- Required action
Leave the pictures out and print every record below exactly as it stands.

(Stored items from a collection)
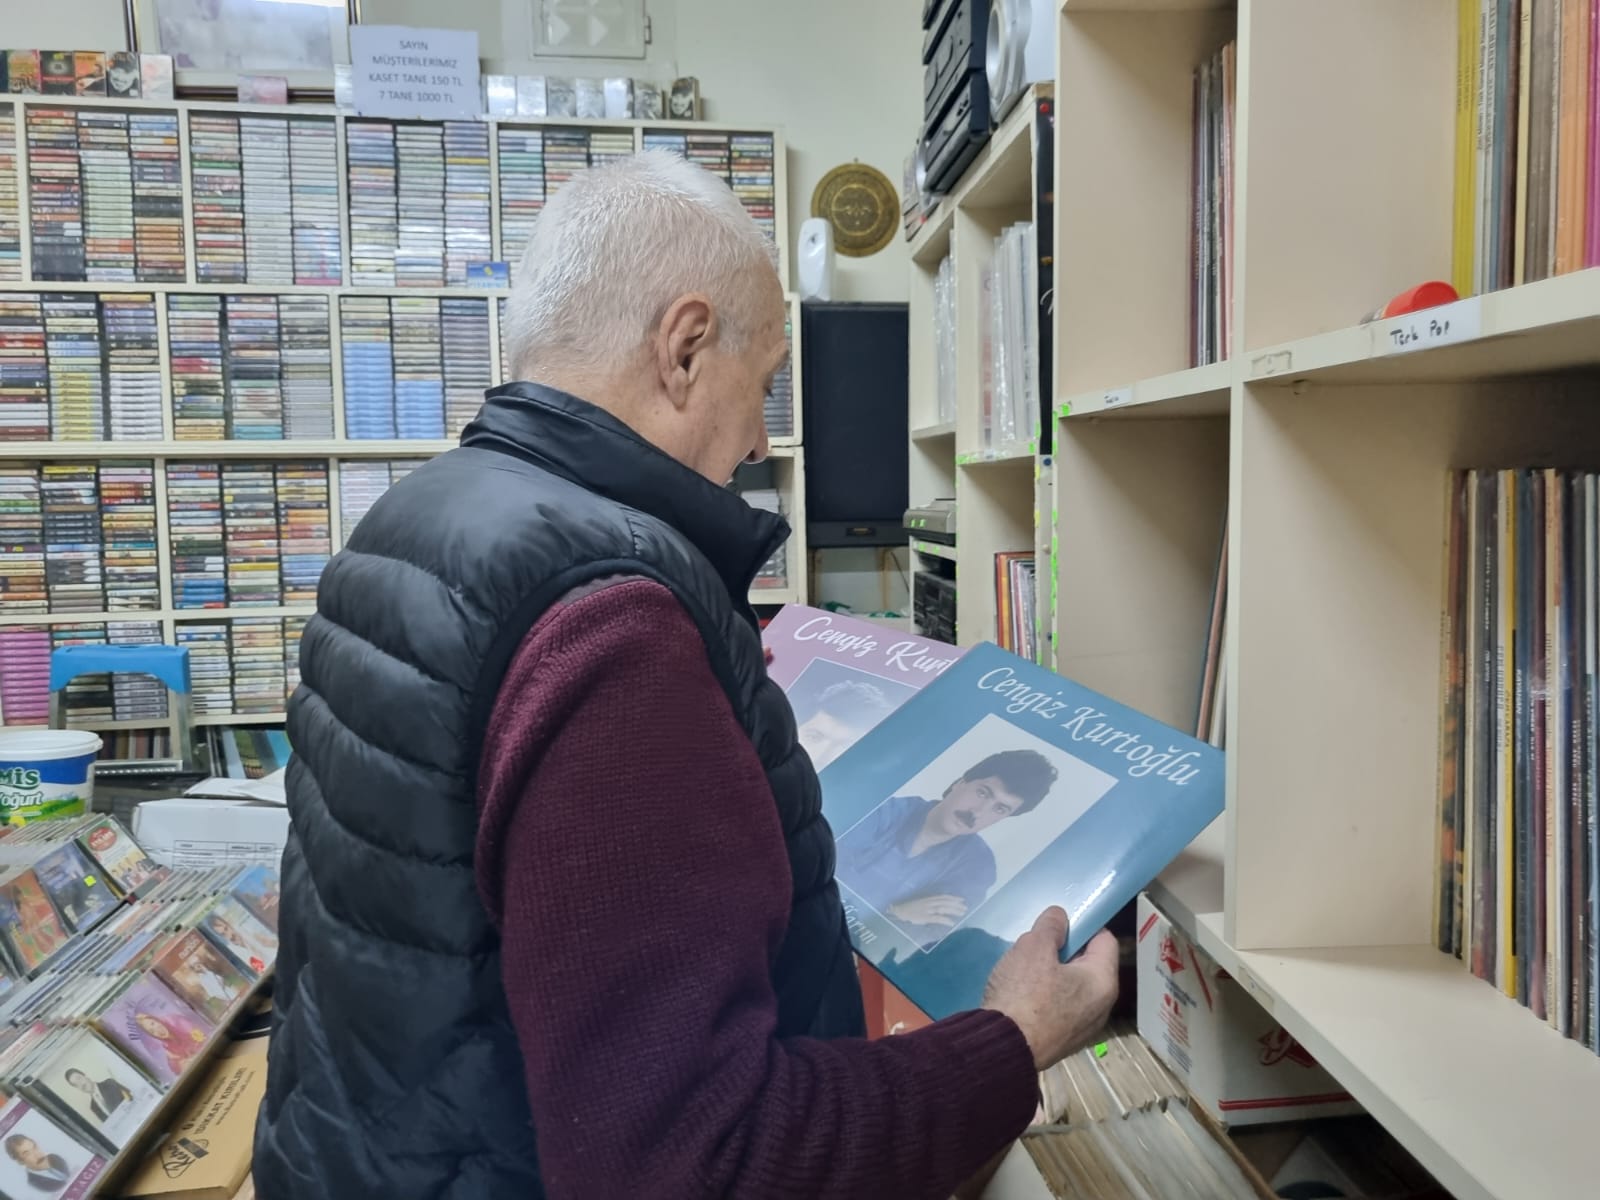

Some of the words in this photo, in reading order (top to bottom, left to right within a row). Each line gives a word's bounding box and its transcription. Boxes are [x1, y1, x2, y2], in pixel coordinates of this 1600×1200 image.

[399, 40, 429, 51] SAYIN
[368, 72, 399, 82] KASET
[402, 73, 428, 85] TANE
[431, 75, 450, 86] 150
[452, 76, 464, 87] TL
[388, 90, 413, 101] TANE
[417, 92, 442, 102] 1000
[444, 93, 455, 103] TL
[793, 616, 879, 658] Cengiz
[976, 666, 1068, 720] Cengiz
[1061, 706, 1202, 786] Kurtoğlu
[0, 790, 44, 811] oğurt
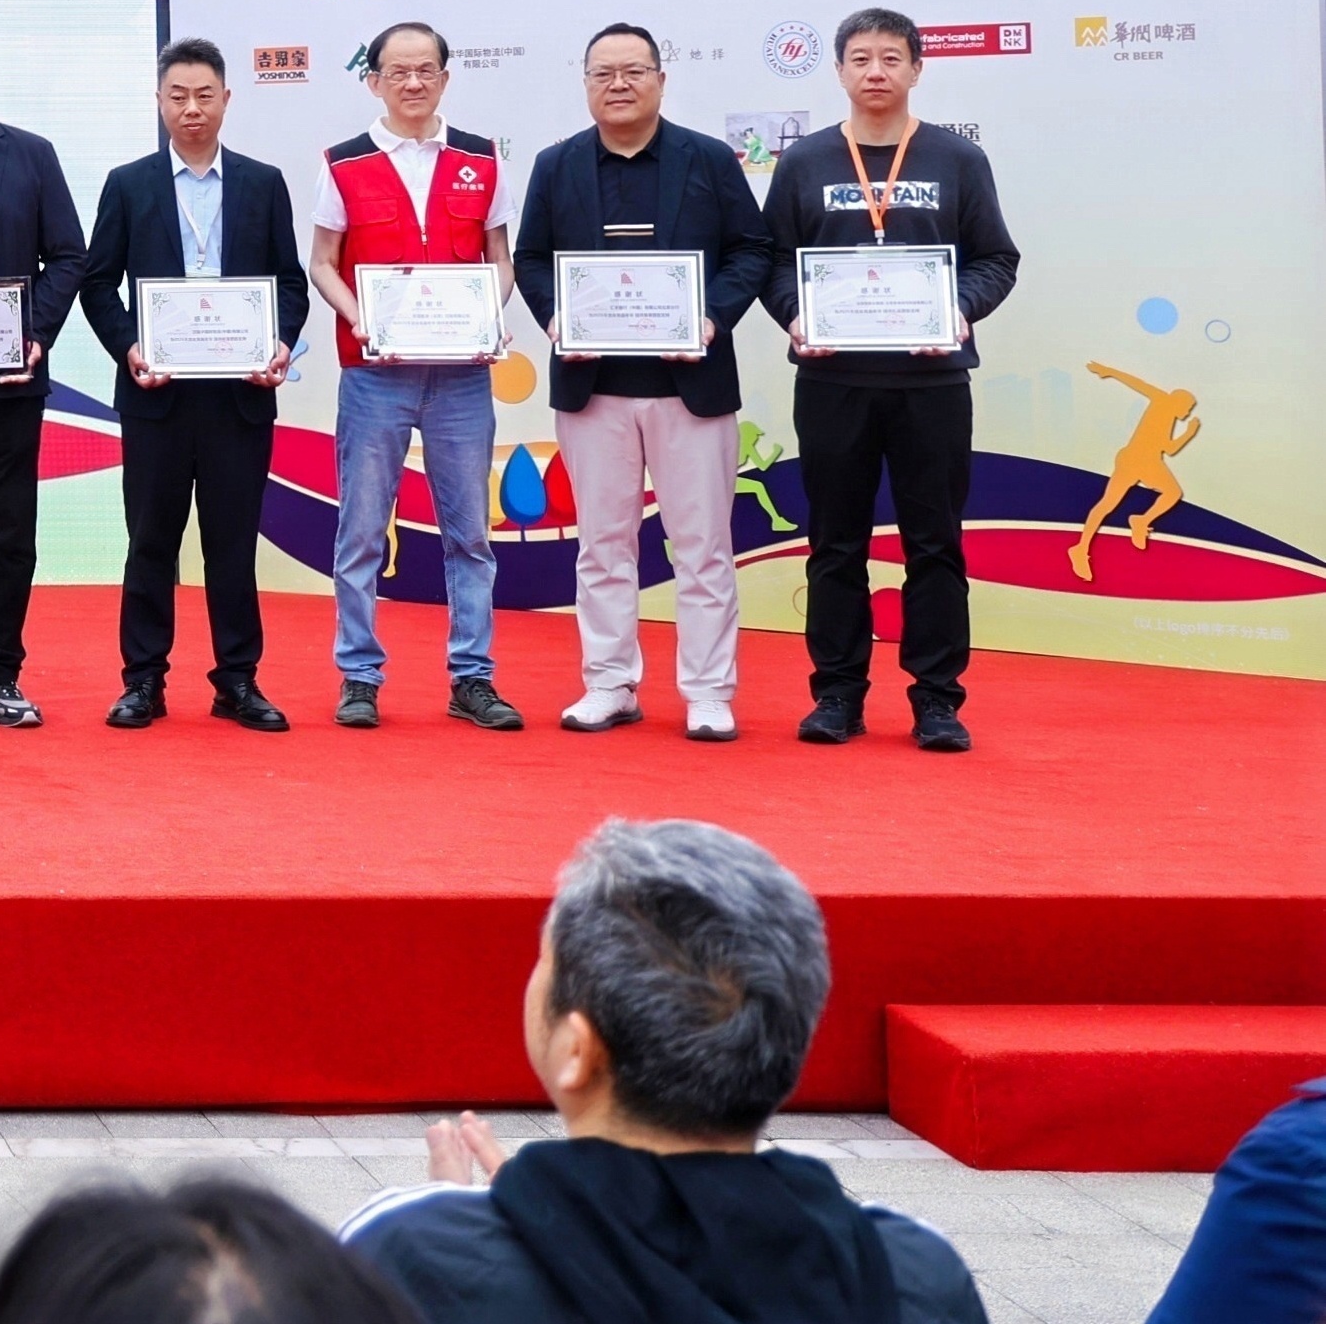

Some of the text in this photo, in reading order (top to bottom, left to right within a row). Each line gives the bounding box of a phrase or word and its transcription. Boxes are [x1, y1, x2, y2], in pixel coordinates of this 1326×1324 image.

- Output of the exercise
Some of the words in this photo, in reading order (top to bottom, left to right within a row). Each line gives a word's bounding box and its transcription. Boxes are [x1, y1, x2, y2], in pixel coordinates of this 1600×1200 image.

[399, 40, 429, 51] SAYIN
[368, 72, 399, 82] KASET
[402, 73, 428, 85] TANE
[431, 75, 450, 86] 150
[452, 76, 464, 87] TL
[388, 90, 413, 101] TANE
[417, 92, 442, 102] 1000
[444, 93, 455, 103] TL
[793, 616, 879, 658] Cengiz
[976, 666, 1068, 720] Cengiz
[1061, 706, 1202, 786] Kurtoğlu
[0, 790, 44, 811] oğurt

Some of the text in this photo, in reading order (top to bottom, left to right within a row). Each line gives the bounding box of a phrase or word and its transcription. Boxes are [x1, y1, x2, y2], in pixel coordinates of this 1326×1324 image.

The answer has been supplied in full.